Raman lidar is an effective technique to retrieve the vertical distribution of atmospheric water vapor. For the first time, we present water vapor profiles retrieved by a high dynamic Raman lidar system over the Beijing area for representative cases in spring 2014, within the framework of the Aerosol Multi-wavelength Polarization Lidar Experiment project. In springtime, water vapor content over Beijing is generally low but with a strong daily variability. Its evolution is strongly coupled with winds and aerosols, with clouds also exerting a distinct impact. Northwesterly winds is found to be the most important factor impacting the temporal variability of water vapor mixing ratio (WVMR), and WVMR is found to be negatively correlated with wind speed.

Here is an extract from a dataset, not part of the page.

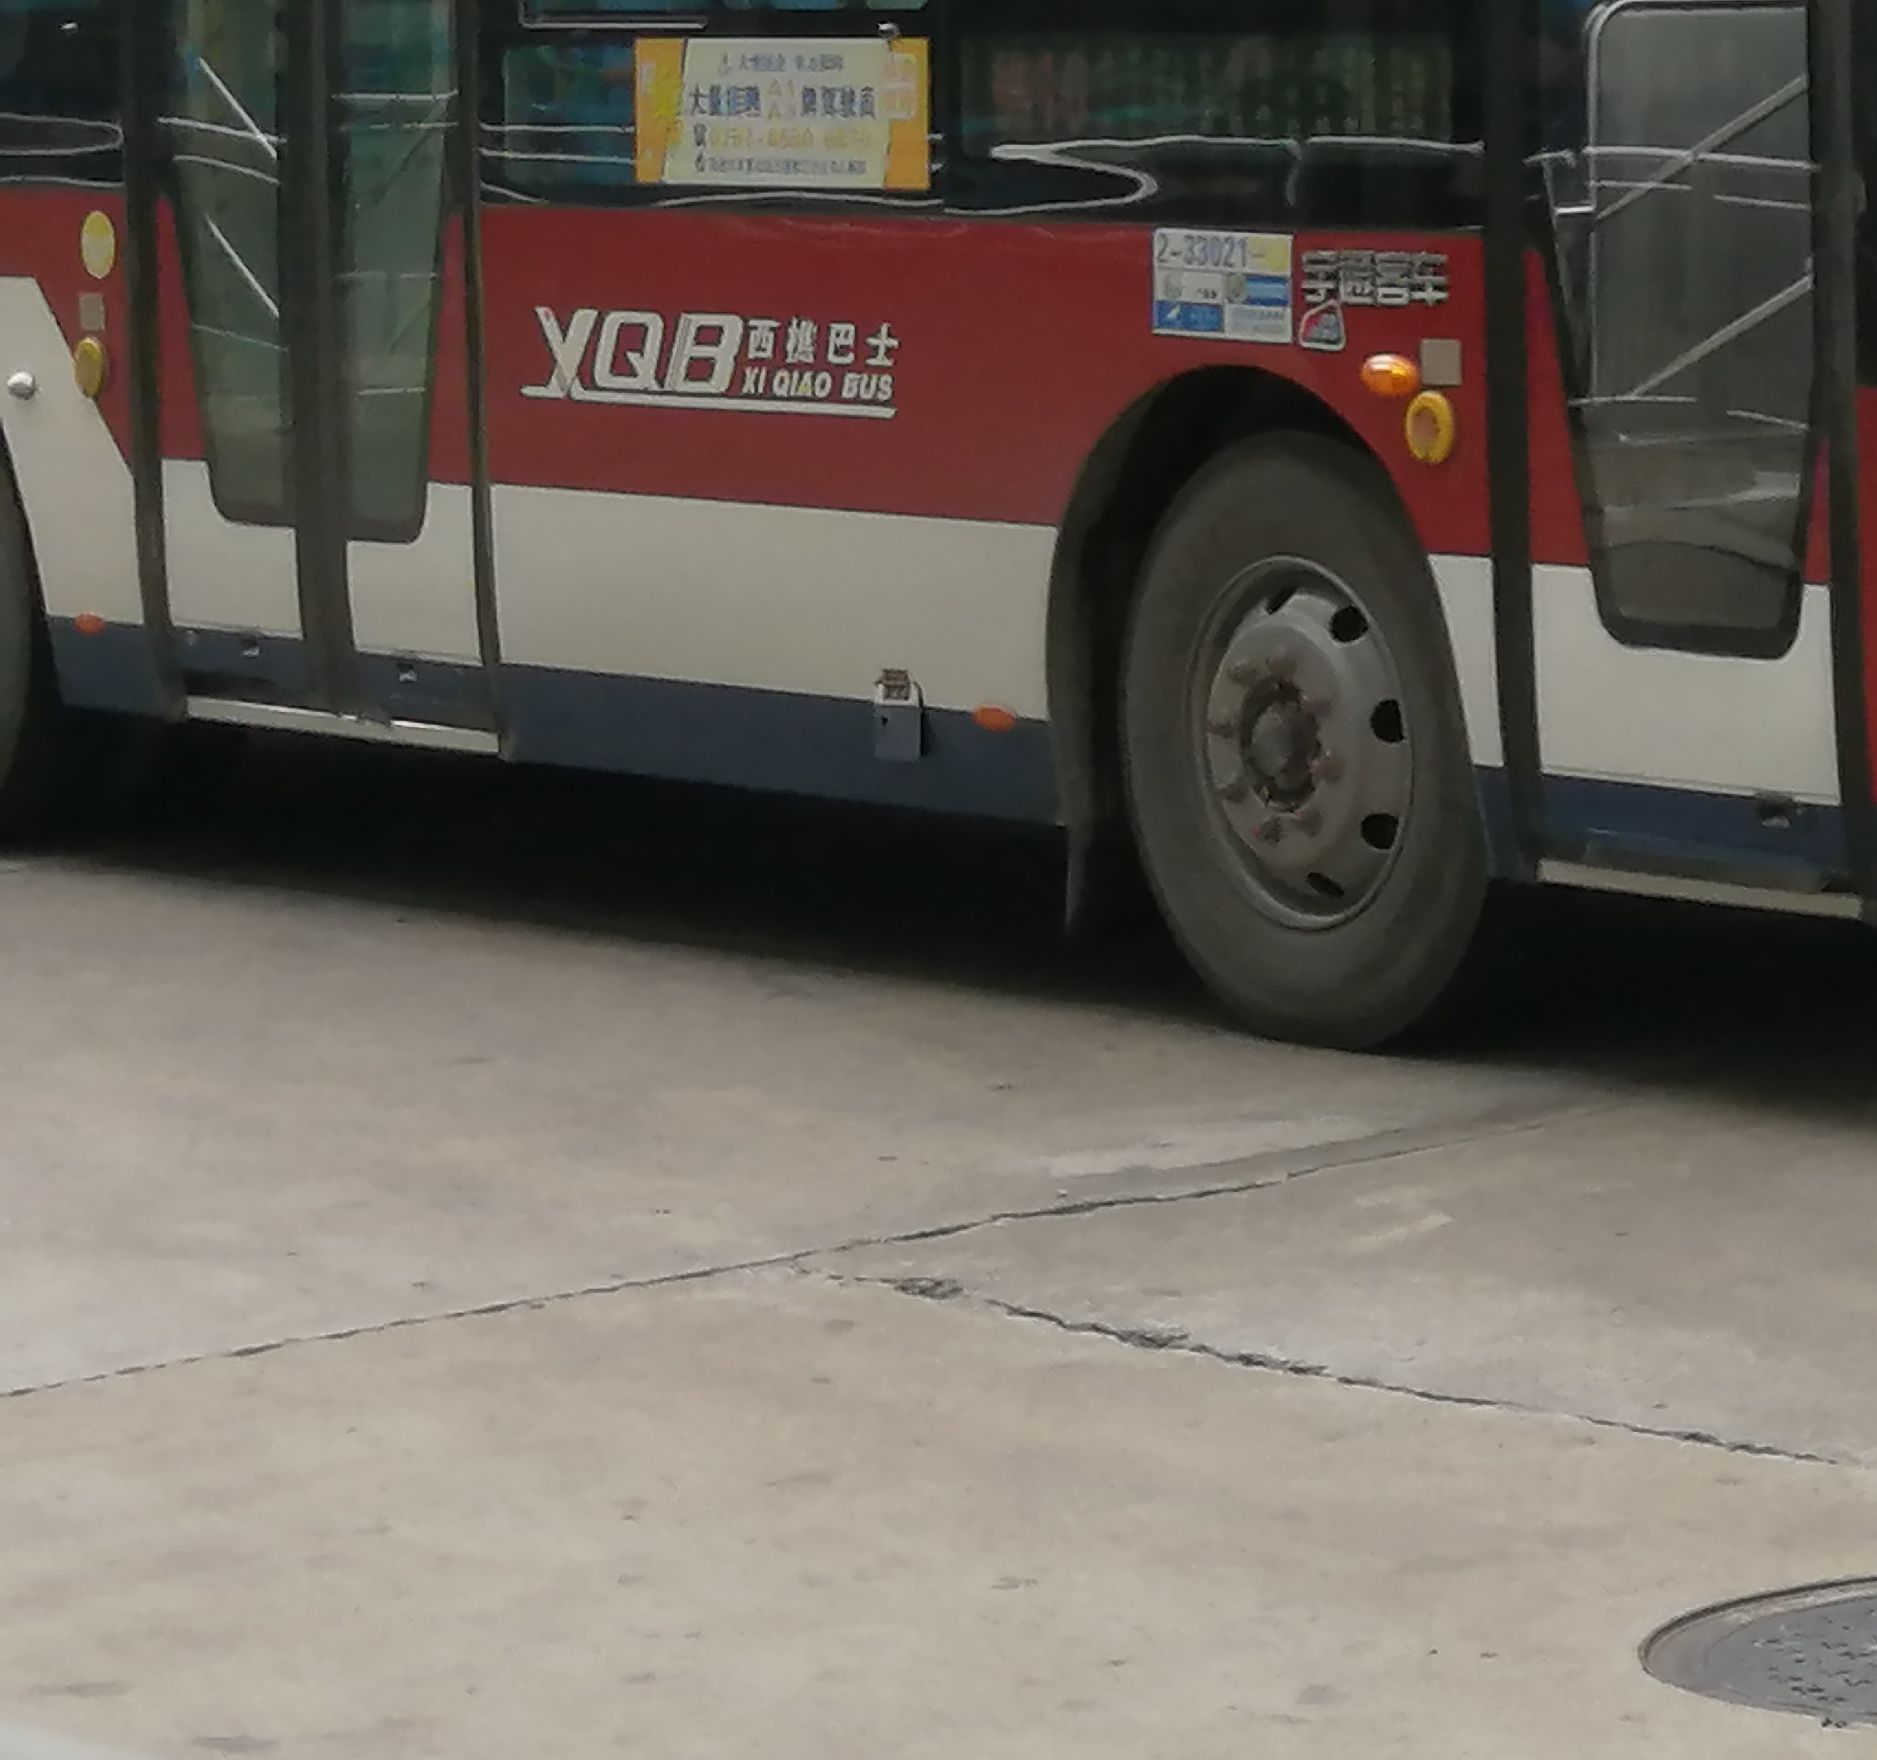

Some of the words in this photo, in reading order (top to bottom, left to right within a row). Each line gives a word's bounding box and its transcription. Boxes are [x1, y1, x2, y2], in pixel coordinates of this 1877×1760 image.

[741, 368, 767, 395] XI
[772, 370, 832, 399] QIAO
[841, 371, 893, 401] BUS

Moreover, we find that clouds tend to cause significant increases in the standard deviation of WMVR measurement, and relative humidity sharply increase below the cloud base. During a typical pollution episode, water vapor strongly covaries with aerosols due to hygroscopic growth effect and transport mechanism. Both water vapor and aerosols exhibit the highest variability within the planetary boundary layer (PBL), where the development and dissipation of haze mainly occur. Within the PBL, water vapor and aerosol concentration demonstrate different evolution features at different altitudes during the haze process, with a delayed increase and early decrease for higher altitudes. Back trajectory analysis using the hybrid single-particle Lagrangian trajectory model indicates that this phenomenon is most likely associated with different sources of the air mass at different altitudes.